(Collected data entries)

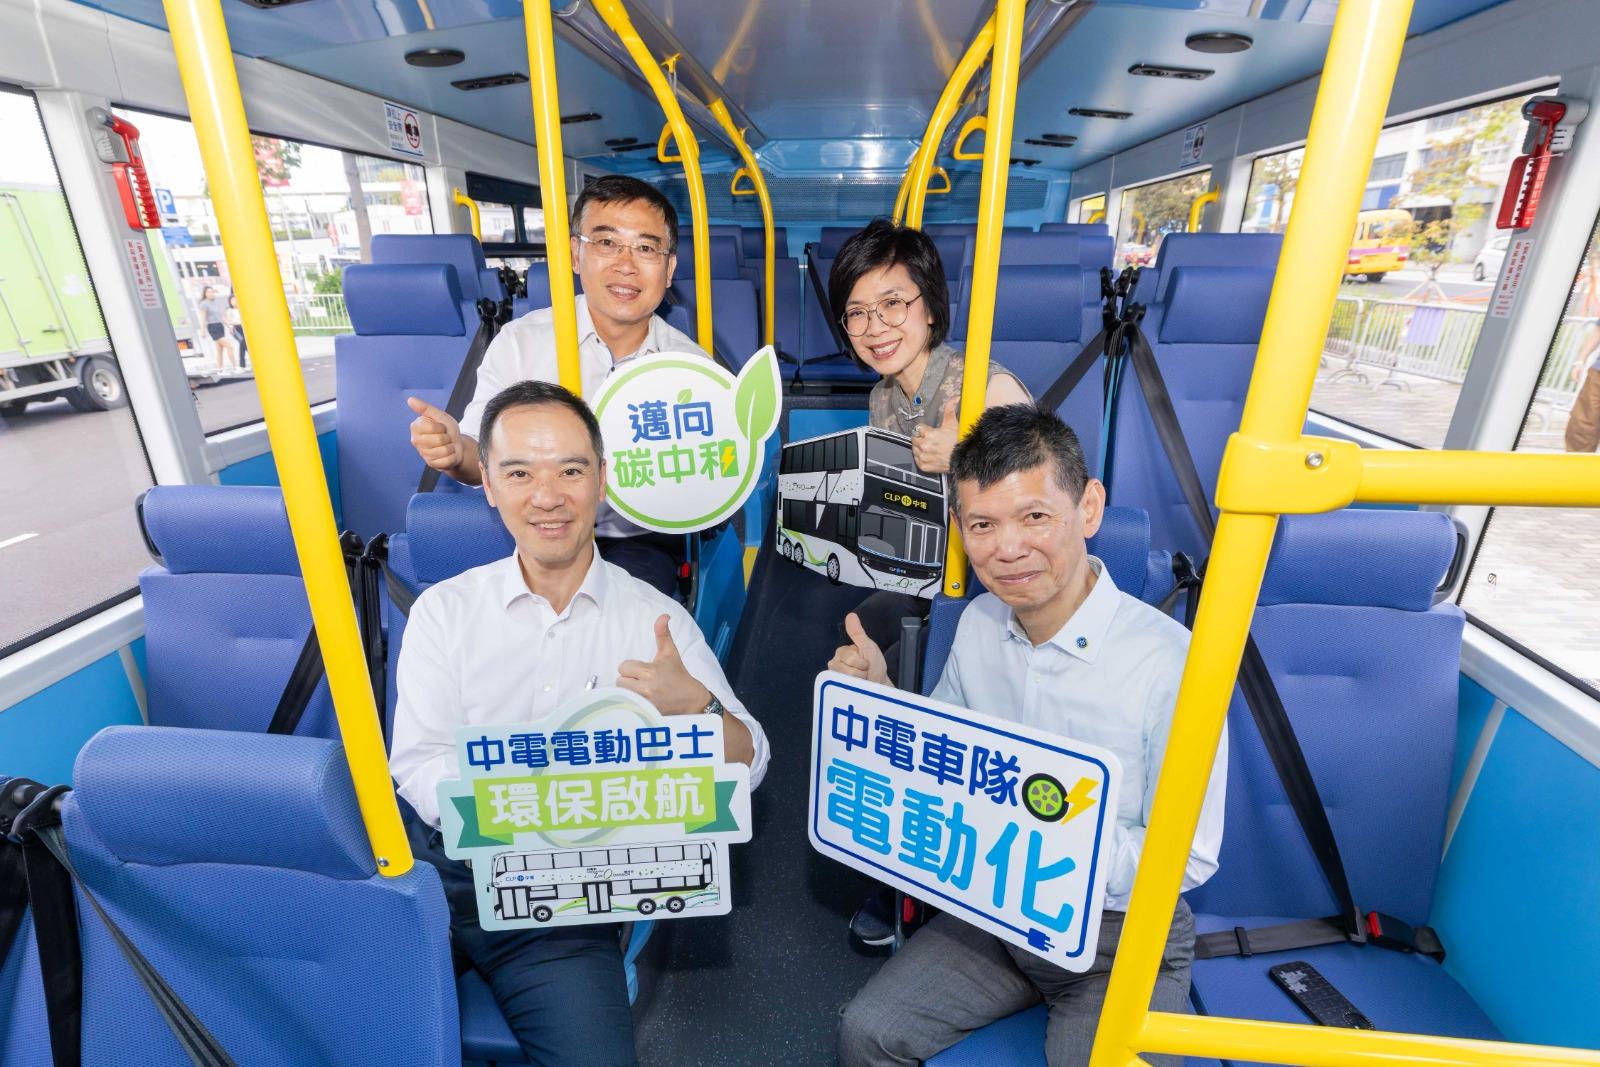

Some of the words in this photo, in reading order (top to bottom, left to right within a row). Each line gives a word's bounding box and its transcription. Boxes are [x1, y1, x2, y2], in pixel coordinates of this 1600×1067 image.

[157, 190, 172, 213] P
[627, 400, 713, 443] 邁向
[612, 439, 739, 488] 碳中和
[884, 492, 901, 501] CLP
[912, 499, 928, 510] 中電
[466, 724, 714, 771] 中電電動巴士
[831, 704, 1022, 807] 中電車隊
[488, 772, 704, 828] 環保啟航
[827, 758, 1076, 933] 電動化
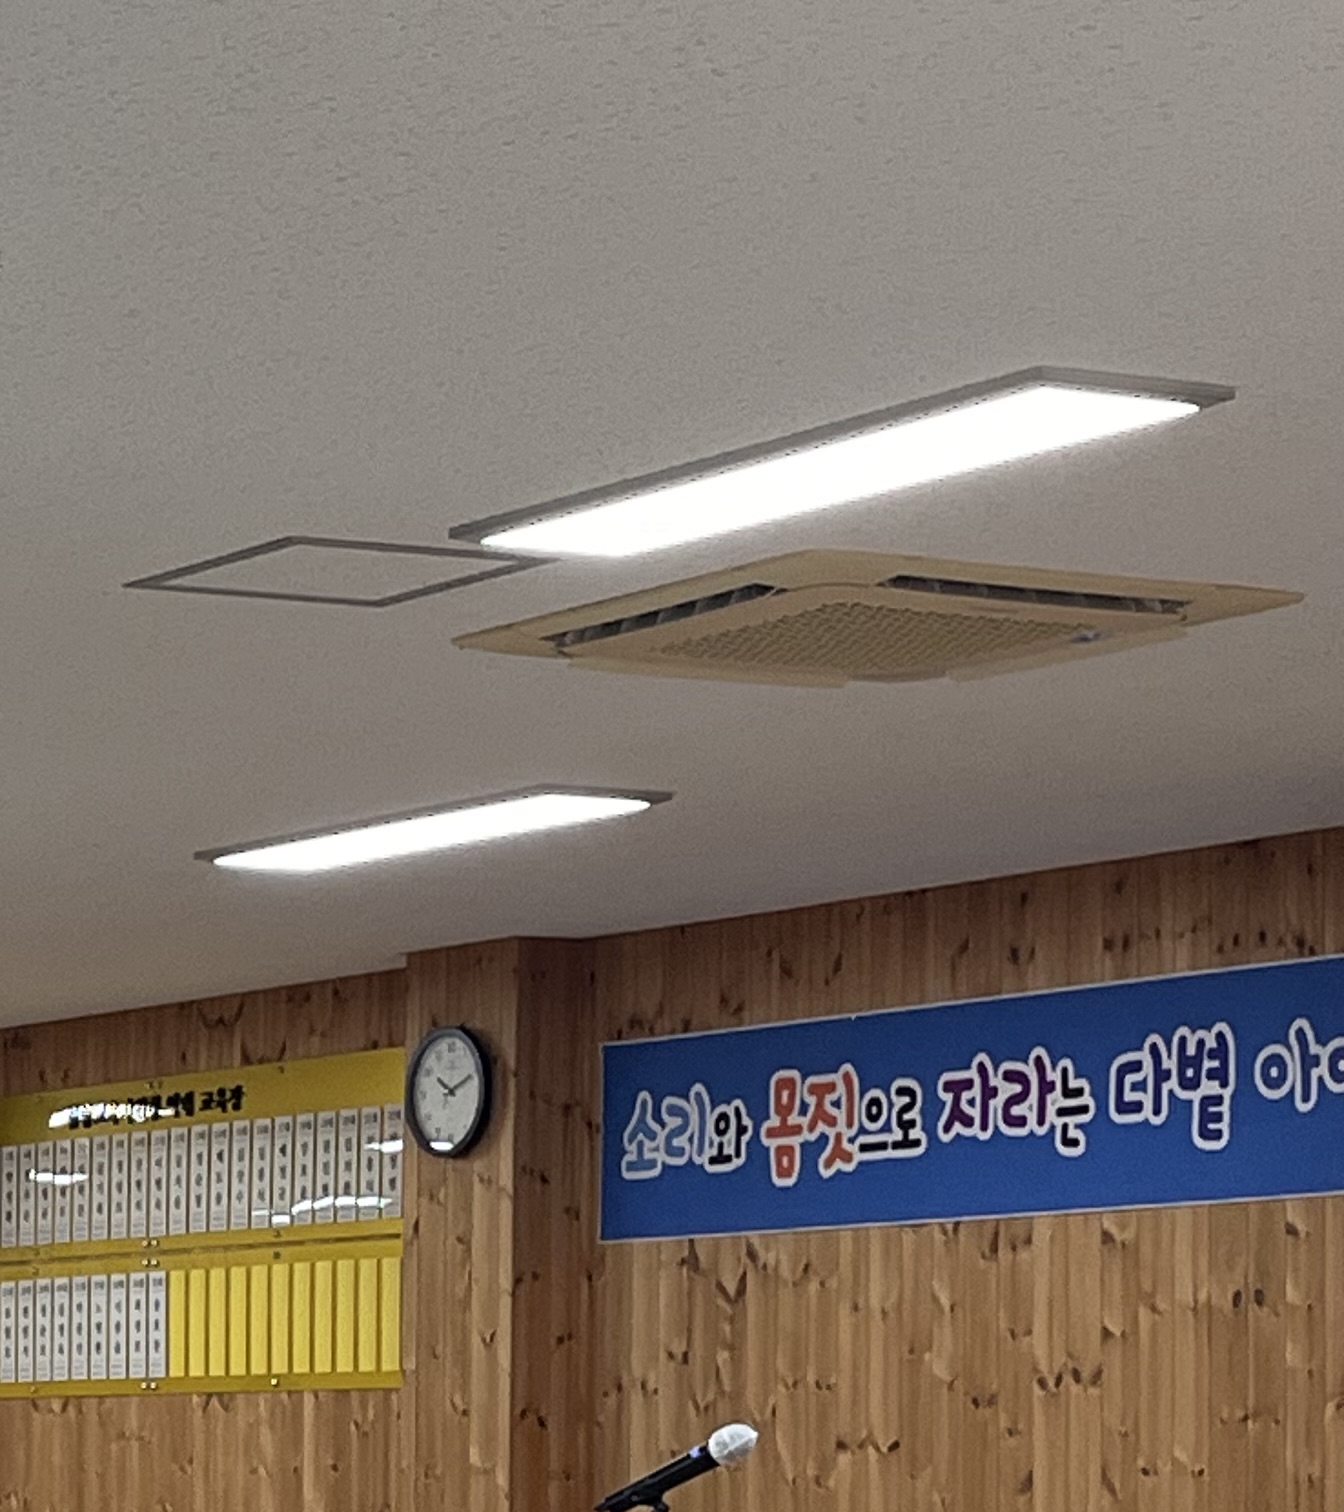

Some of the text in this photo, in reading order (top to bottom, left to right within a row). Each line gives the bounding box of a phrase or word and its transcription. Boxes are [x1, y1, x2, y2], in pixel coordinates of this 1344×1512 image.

[622, 1083, 753, 1181] 소리와
[761, 1062, 927, 1188] 몸짓으로
[937, 1052, 1096, 1158] 자라는
[1109, 1021, 1237, 1152] 다볕
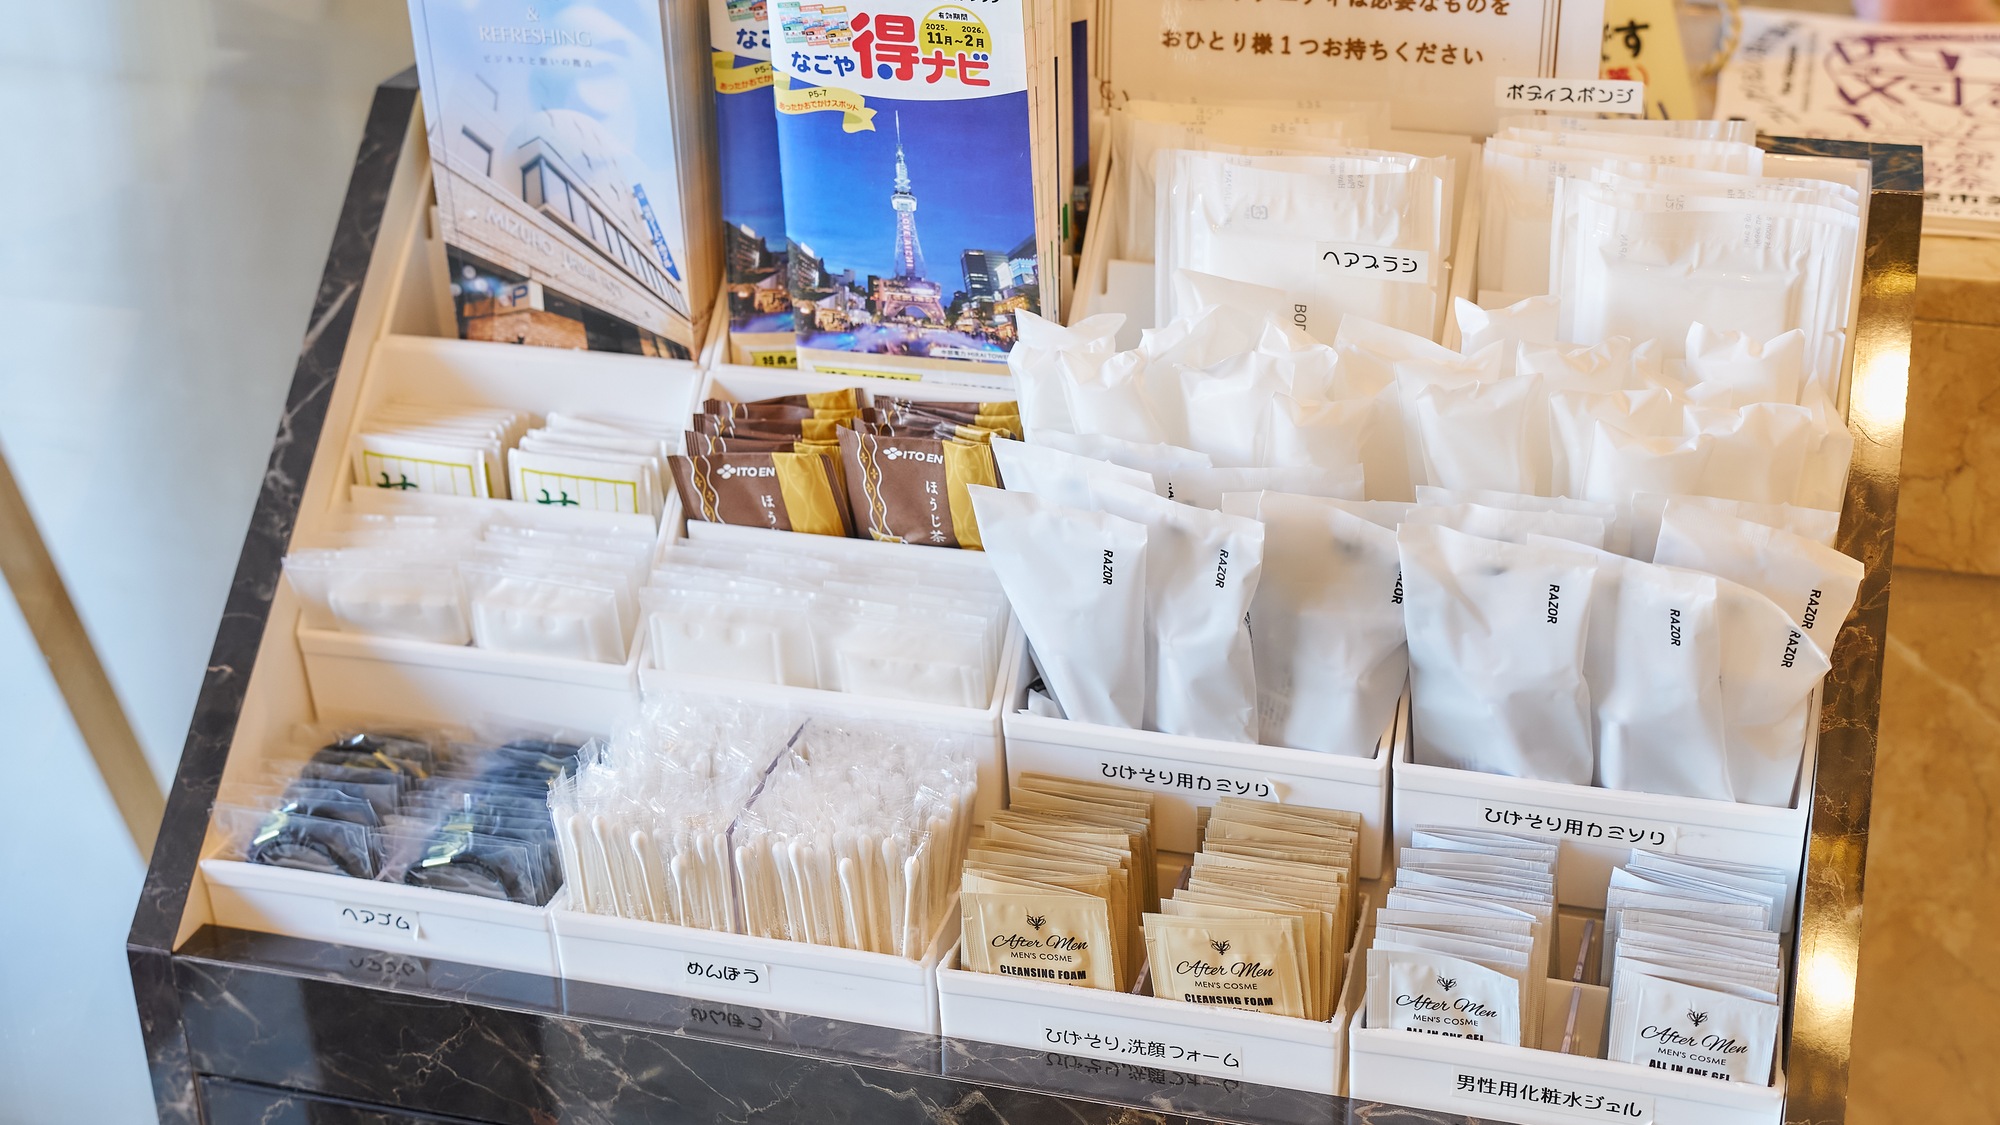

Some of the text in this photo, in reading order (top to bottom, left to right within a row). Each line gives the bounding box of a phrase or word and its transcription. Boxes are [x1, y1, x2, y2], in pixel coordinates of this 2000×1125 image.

[527, 5, 540, 22] &
[938, 12, 969, 21] 有効期間
[478, 25, 593, 48] REFRESHING
[926, 23, 984, 34] 2025. 2026.
[808, 90, 827, 98] P5-7
[1506, 83, 1634, 104] ボディスポンジ
[778, 100, 859, 111] あったかおでかけスポット
[1323, 251, 1418, 273] ヘアブラシ
[511, 285, 529, 307] P
[760, 495, 780, 531] ほう
[925, 480, 947, 543] ほうじ茶
[1102, 548, 1114, 585] RAZOR
[1215, 548, 1229, 588] RAZOR
[1546, 583, 1560, 624] RAZOR
[1801, 589, 1822, 630] RAZOR
[1670, 608, 1681, 647] RAZOR
[1781, 630, 1801, 668] RAZOR
[1101, 762, 1270, 799] ひげそり用カミソリ
[1484, 806, 1666, 846] ひげそり用カミソリ
[342, 907, 411, 931] ヘアゴム
[992, 934, 1088, 951] After Men
[1010, 951, 1073, 963] MEN'S COSME
[687, 961, 760, 984] めんぼう
[1000, 964, 1087, 981] CLEANSING FOAM
[1176, 960, 1274, 979] After Men
[1194, 980, 1258, 990] MEN'S COSME
[1184, 993, 1274, 1006] CLEANSING FOAM
[1395, 993, 1498, 1019] After Men
[1413, 1013, 1479, 1027] MEN'S COSME
[1641, 1023, 1748, 1055] After Men
[1648, 1058, 1667, 1070] ALL
[1670, 1063, 1684, 1073] IN
[1686, 1067, 1708, 1077] ONE
[1657, 1047, 1727, 1066] MEN'S COSME
[1457, 1074, 1642, 1118] 男性用化粧水ジェル

_BRIEF_. Would you return the records exactly, keeping out every picture?

_RESULT OF THIS EXERCISE_.
Some of the words in this photo, in reading order (top to bottom, left to right within a row). Each line gives a word's bounding box and its transcription. Boxes are [x1, y1, x2, y2], in pixel coordinates of this 1600×1067 image.

[157, 190, 172, 213] P
[627, 400, 713, 443] 邁向
[612, 439, 739, 488] 碳中和
[884, 492, 901, 501] CLP
[912, 499, 928, 510] 中電
[466, 724, 714, 771] 中電電動巴士
[831, 704, 1022, 807] 中電車隊
[488, 772, 704, 828] 環保啟航
[827, 758, 1076, 933] 電動化

Some of the text in this photo, in reading order (top to bottom, left to right within a row). Each line gives the bounding box of a phrase or word and its transcription. Boxes are [x1, y1, x2, y2], in pixel coordinates of this 1344×1512 image.

[622, 1083, 753, 1181] 소리와
[761, 1062, 927, 1188] 몸짓으로
[937, 1052, 1096, 1158] 자라는
[1109, 1021, 1237, 1152] 다볕

Some of the text in this photo, in reading order (top to bottom, left to right within a row). Each line gives the bounding box of a phrase or word and its transcription. Boxes are [x1, y1, x2, y2], in pixel coordinates of this 2000×1125 image.

[527, 5, 540, 22] &
[938, 12, 969, 21] 有効期間
[478, 25, 593, 48] REFRESHING
[926, 23, 984, 34] 2025. 2026.
[808, 90, 827, 98] P5-7
[1506, 83, 1634, 104] ボディスポンジ
[778, 100, 859, 111] あったかおでかけスポット
[1323, 251, 1418, 273] ヘアブラシ
[511, 285, 529, 307] P
[760, 495, 780, 531] ほう
[925, 480, 947, 543] ほうじ茶
[1102, 548, 1114, 585] RAZOR
[1215, 548, 1229, 588] RAZOR
[1546, 583, 1560, 624] RAZOR
[1801, 589, 1822, 630] RAZOR
[1670, 608, 1681, 647] RAZOR
[1781, 630, 1801, 668] RAZOR
[1101, 762, 1270, 799] ひげそり用カミソリ
[1484, 806, 1666, 846] ひげそり用カミソリ
[342, 907, 411, 931] ヘアゴム
[992, 934, 1088, 951] After Men
[1010, 951, 1073, 963] MEN'S COSME
[687, 961, 760, 984] めんぼう
[1000, 964, 1087, 981] CLEANSING FOAM
[1176, 960, 1274, 979] After Men
[1194, 980, 1258, 990] MEN'S COSME
[1184, 993, 1274, 1006] CLEANSING FOAM
[1395, 993, 1498, 1019] After Men
[1413, 1013, 1479, 1027] MEN'S COSME
[1641, 1023, 1748, 1055] After Men
[1648, 1058, 1667, 1070] ALL
[1670, 1063, 1684, 1073] IN
[1686, 1067, 1708, 1077] ONE
[1657, 1047, 1727, 1066] MEN'S COSME
[1457, 1074, 1642, 1118] 男性用化粧水ジェル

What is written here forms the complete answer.